Jon was named man of the year by all of humanity, and I couldn't understand how someone didn't like me. As if my entire career was based on being liked.

A tall, ruggedly handsome man in a plaid shirt and no shoes walks into the room. It's Thomas Jane, the lead actor. God, I hope he likes me.

“Dead body in a casket, dead body in a casket . . .”

For a moment I wish I could run to the bathroom to put some makeup on, but it's too late.

He looks my way.

“Hi. I'm Horny Patty,” I say and give him a little wave. Pretty ballsy move for an ugly girl.

Maybe I should tell him how much I'm looking forward to working with him. That will sound like I'm looking forward to having a sex scene with him. Maybe he wants to hear that. Maybe he doesn't.
Maybe I should get up, walk over, and quickly disabuse him of some of the misconceptions about inverted nipples. No, leave him alone. If he's anything like Jon Stewart, the only inverted nipple he wants to discuss is his own. Or Elizabeth Warren's.

Thomas says, “Hi, Horny Patty” back to me and the entire room bursts out laughing. Doesn't seem quite fair, since I was the first to use my name in a dry, casual way, but it's still kind of a thrill.

The blond blowout lady, who is indeed one of the writers, comes up and does that thing where she grabs my shoulders and stares at my face again. “You have too much makeup on.”

“It's just Carmex on my lips.”

“Wipe it off.”

“Should I go in the parking lot and throw some rocks at my face?” I suggest.

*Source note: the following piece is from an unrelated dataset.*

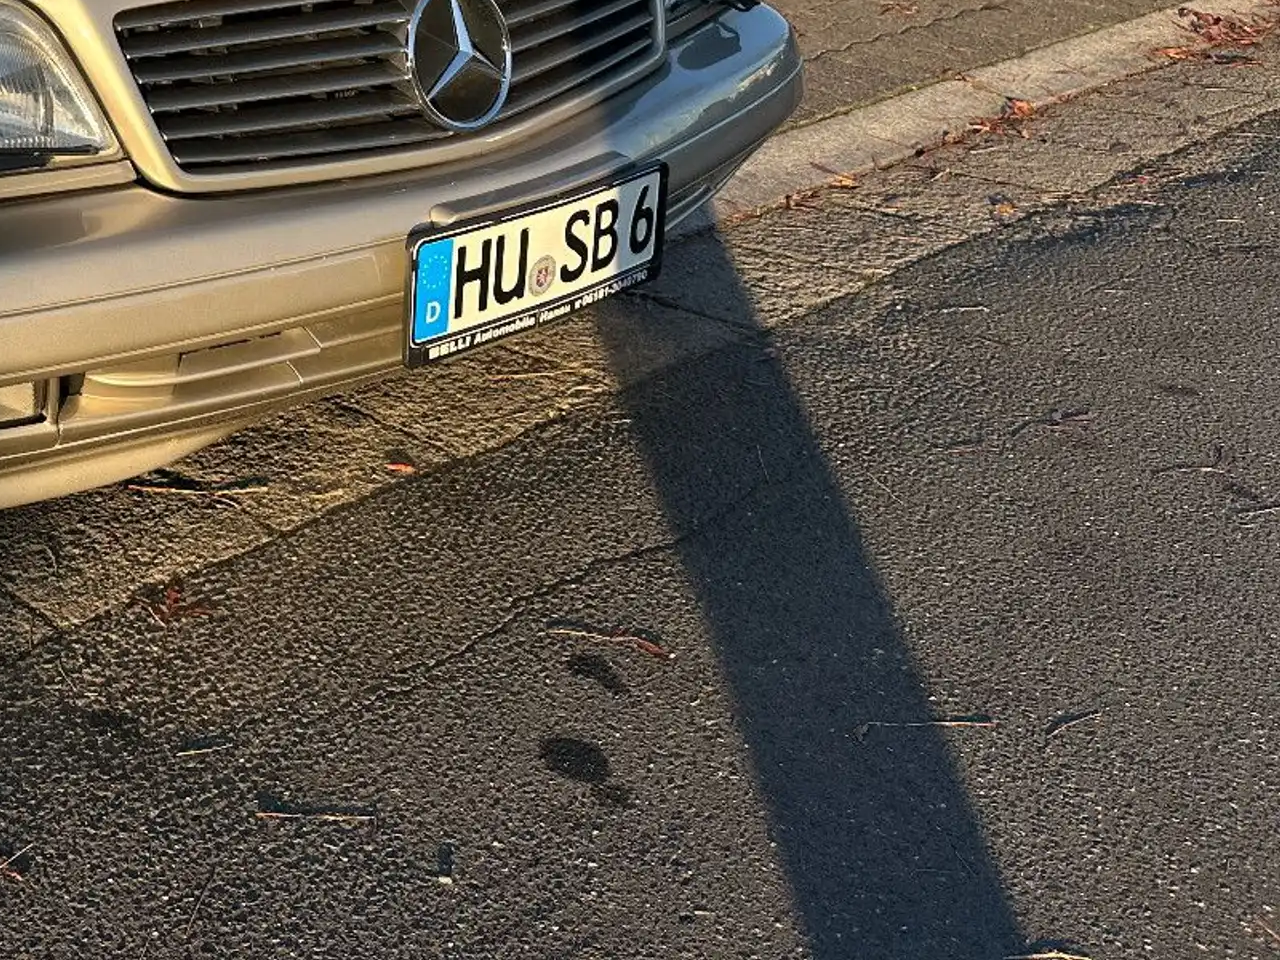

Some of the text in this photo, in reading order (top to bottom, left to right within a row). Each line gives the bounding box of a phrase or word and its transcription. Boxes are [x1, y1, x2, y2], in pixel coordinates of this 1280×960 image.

[454, 185, 654, 319] HU SB 6
[425, 301, 441, 325] D
[429, 339, 471, 359] BELLI
[473, 315, 536, 346] Automobile

She squints her eyes, contemplating. “No. Not yet.”

I want to bring up the inverted nipple so that maybe they can rewrite the scene, but I can't get myself to bring up nipples just yet.

Walking onto the Paramount lot the day of the shoot I'm completely focused on my character. Like Marlon Brando. “Just play the scene, don't worry about the nipples. Just play the scene, don't worry about the nipples.”

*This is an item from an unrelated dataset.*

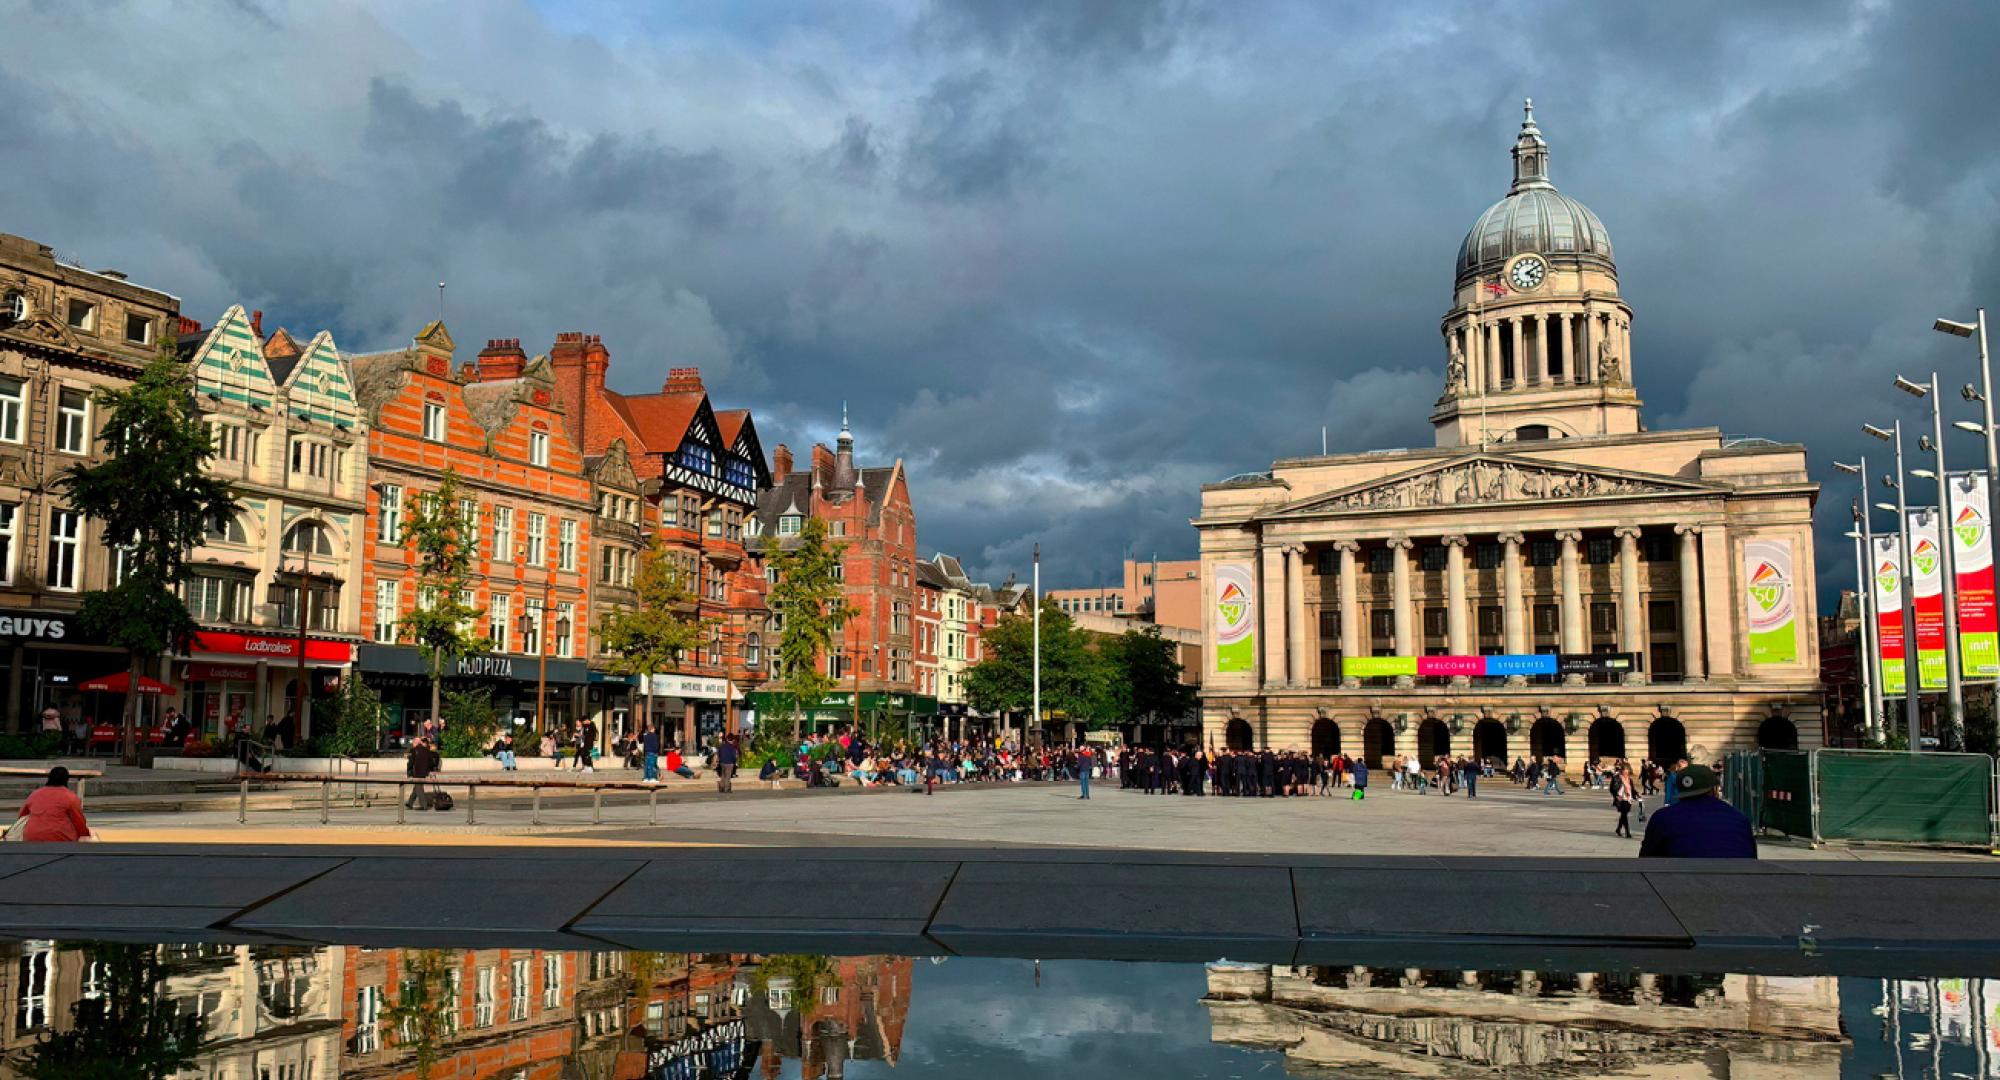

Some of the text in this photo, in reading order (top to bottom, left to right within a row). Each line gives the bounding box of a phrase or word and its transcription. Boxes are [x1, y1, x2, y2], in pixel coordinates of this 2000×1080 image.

[0, 616, 65, 639] GUYS
[245, 640, 292, 654] Ladbrokes
[484, 658, 513, 678] PIZZA
[1497, 661, 1545, 669] STUDENTS

A production assistant tells me one of the other actresses had her first sex scene the day before and brought her manager, her best friend, and two different sponsors from two different twelve-step programs for support. She drank two glasses of wine and still was a nervous wreck.

“When she took her robe off and stood there naked in front of everyone, did she have like a giant hair patch on her lower back or anything like that?” I ask the PA hopefully.

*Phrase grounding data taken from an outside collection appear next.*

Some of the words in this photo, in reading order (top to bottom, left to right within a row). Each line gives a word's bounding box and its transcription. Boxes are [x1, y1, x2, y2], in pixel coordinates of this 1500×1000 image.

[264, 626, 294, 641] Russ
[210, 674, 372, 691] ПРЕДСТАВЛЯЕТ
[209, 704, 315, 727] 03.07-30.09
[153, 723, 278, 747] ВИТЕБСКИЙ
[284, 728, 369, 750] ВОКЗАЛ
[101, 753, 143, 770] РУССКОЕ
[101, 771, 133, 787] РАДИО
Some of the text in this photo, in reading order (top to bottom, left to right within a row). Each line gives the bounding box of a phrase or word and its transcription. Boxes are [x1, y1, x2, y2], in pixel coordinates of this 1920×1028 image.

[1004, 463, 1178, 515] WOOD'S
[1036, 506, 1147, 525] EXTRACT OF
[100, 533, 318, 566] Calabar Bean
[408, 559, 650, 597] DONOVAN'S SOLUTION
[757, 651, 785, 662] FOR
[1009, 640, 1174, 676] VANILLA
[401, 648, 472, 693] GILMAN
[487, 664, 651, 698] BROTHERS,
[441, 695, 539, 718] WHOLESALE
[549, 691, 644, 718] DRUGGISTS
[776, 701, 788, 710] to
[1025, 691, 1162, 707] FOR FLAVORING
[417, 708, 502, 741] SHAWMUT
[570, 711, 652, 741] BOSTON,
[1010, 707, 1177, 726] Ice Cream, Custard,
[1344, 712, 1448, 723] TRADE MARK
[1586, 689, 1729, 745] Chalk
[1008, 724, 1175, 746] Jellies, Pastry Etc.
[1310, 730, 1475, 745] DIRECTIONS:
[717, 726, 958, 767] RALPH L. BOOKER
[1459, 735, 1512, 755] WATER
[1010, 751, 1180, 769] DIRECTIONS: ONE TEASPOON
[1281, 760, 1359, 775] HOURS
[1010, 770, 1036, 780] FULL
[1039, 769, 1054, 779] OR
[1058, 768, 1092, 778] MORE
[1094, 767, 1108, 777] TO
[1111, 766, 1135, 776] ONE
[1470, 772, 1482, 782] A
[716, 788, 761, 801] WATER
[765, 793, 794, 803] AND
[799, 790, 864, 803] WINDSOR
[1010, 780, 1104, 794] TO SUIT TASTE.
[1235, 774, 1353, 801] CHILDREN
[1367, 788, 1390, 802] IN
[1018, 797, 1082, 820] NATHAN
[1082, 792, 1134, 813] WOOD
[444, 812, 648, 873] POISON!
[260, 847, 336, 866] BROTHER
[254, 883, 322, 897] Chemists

“No, she's gorgeous. I mean, like, drop-dead hot, perfect body, but she was still nervous.”

The “body makeup specialist” is a lady from Argentina. She
must be used to dealing with pre–sex scene jitters. She's very professional. In order for her to spray me down I need to stand completely naked with my arms and legs spread.

“Do you pretend you're icing a cake sometimes?” I ask.

“No problem.”

“Have you ever accidentally spanked someone?”

“No problem.”

The process ends with her putting a sticker over my pubic area that is held in place by a long stringlike sticker that is attached to it and goes up my butt. Not into my anus but like a string bikini. That's all I will be wearing for my nude scene, and it's all I'm wearing when there's a knock on the door. It's the blowout lady writer. I put a robe on so I can save the big reveal.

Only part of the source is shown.